§ **Annotated photo localization data**:
Start of Block

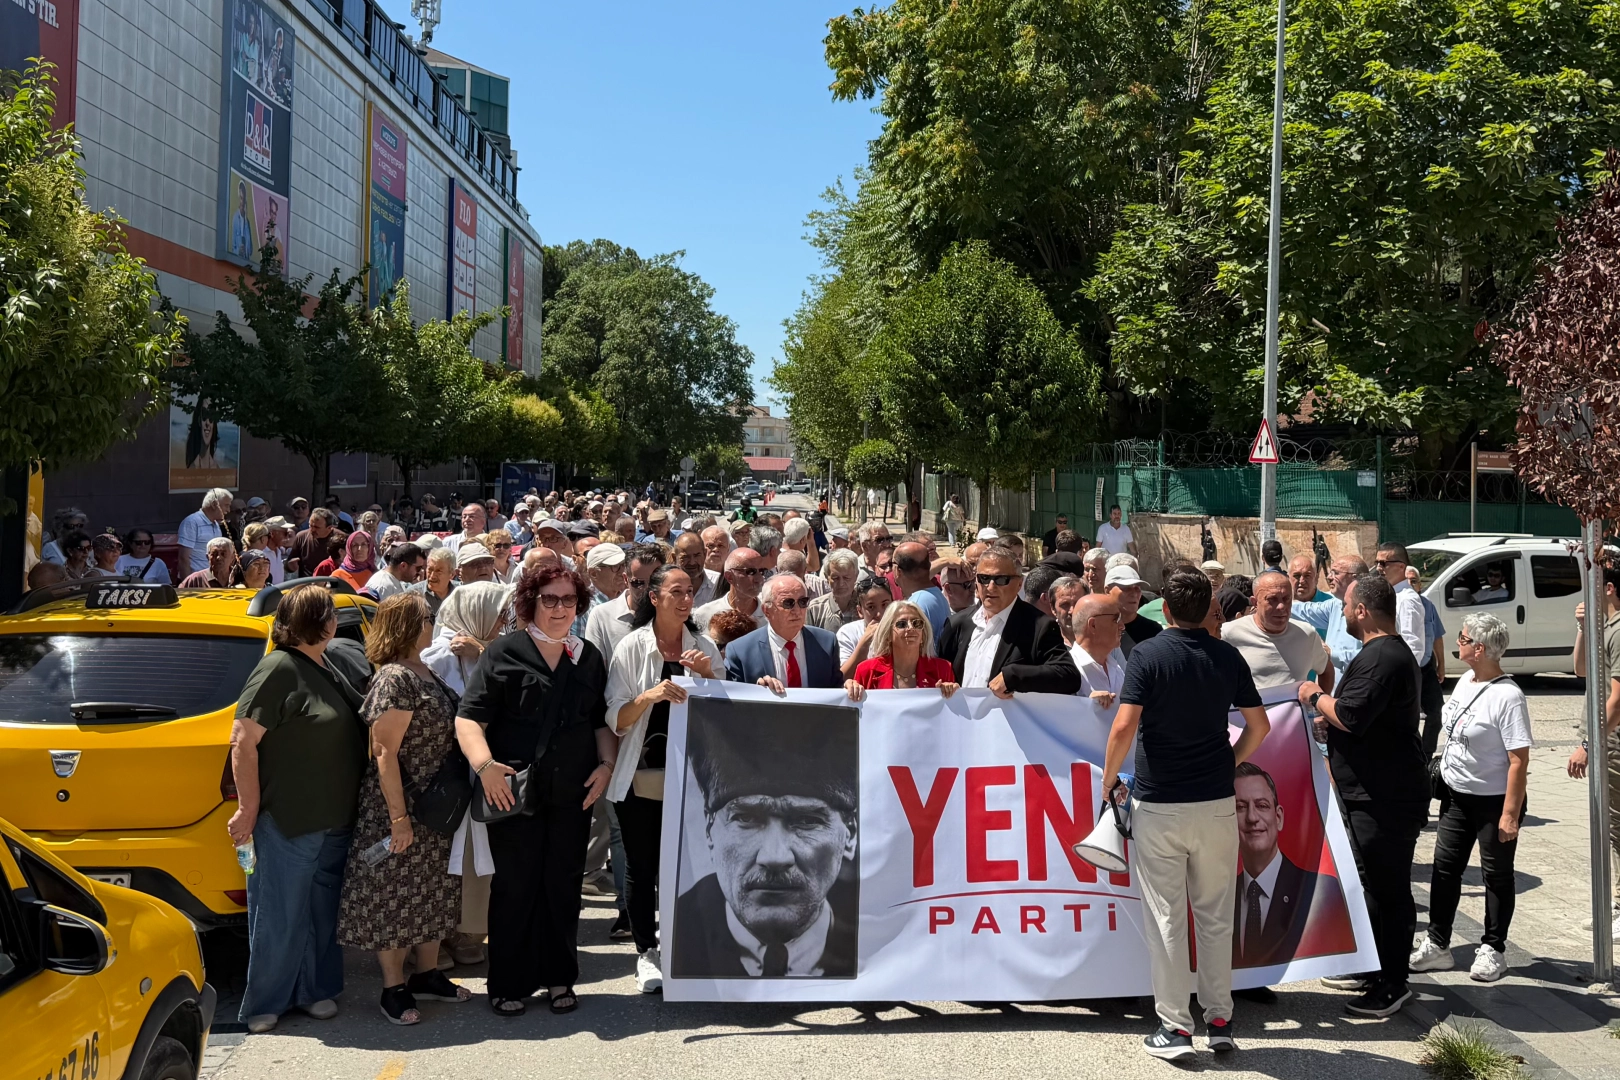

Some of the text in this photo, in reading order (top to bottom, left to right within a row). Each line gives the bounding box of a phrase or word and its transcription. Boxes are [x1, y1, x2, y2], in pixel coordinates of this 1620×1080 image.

[246, 112, 270, 150] D&R
[459, 199, 471, 226] FLO
[887, 762, 1131, 888] YEN
[82, 1031, 99, 1080] 46
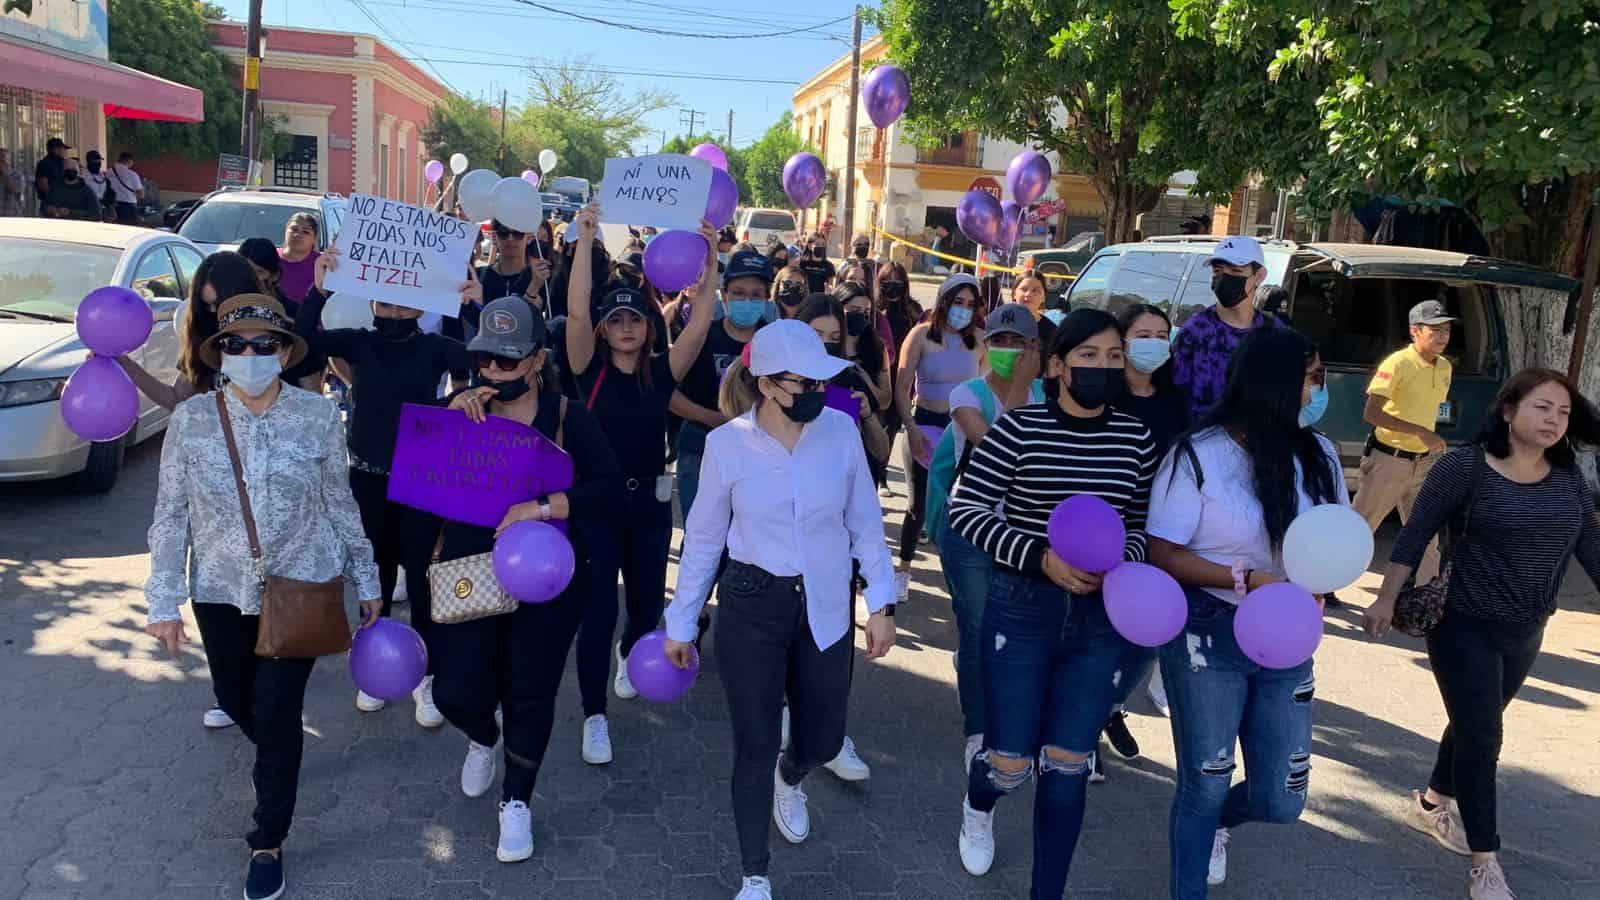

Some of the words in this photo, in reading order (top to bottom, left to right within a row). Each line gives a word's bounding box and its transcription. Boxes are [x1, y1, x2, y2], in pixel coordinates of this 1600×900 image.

[657, 165, 692, 181] UNA
[351, 197, 376, 217] NO
[381, 202, 467, 239] ESTAMOS
[356, 217, 413, 245] TODAS
[413, 230, 448, 254] NOS
[367, 246, 426, 270] FALTA
[357, 263, 423, 288] ITZEL

End of Block

§ **Directions for this task**:
Exact repetition of all the records is required, with the pictures excluded.

§ **Response box**:
Some of the text in this photo, in reading order (top to bottom, left to right within a row). Each line gives the bounding box of a phrase or word and its transcription. Boxes are [x1, y1, x2, y2], in pixel coordinates of this 1620×1080 image.

[246, 112, 270, 150] D&R
[459, 199, 471, 226] FLO
[887, 762, 1131, 888] YEN
[82, 1031, 99, 1080] 46

Some of the words in this photo, in reading order (top to bottom, left to right within a row). Each line gives a word's bounding box and its transcription. Boxes are [x1, y1, x2, y2], in pixel coordinates of this 1600×900 image.

[657, 165, 692, 181] UNA
[351, 197, 376, 217] NO
[381, 202, 467, 239] ESTAMOS
[356, 217, 413, 245] TODAS
[413, 230, 448, 254] NOS
[367, 246, 426, 270] FALTA
[357, 263, 423, 288] ITZEL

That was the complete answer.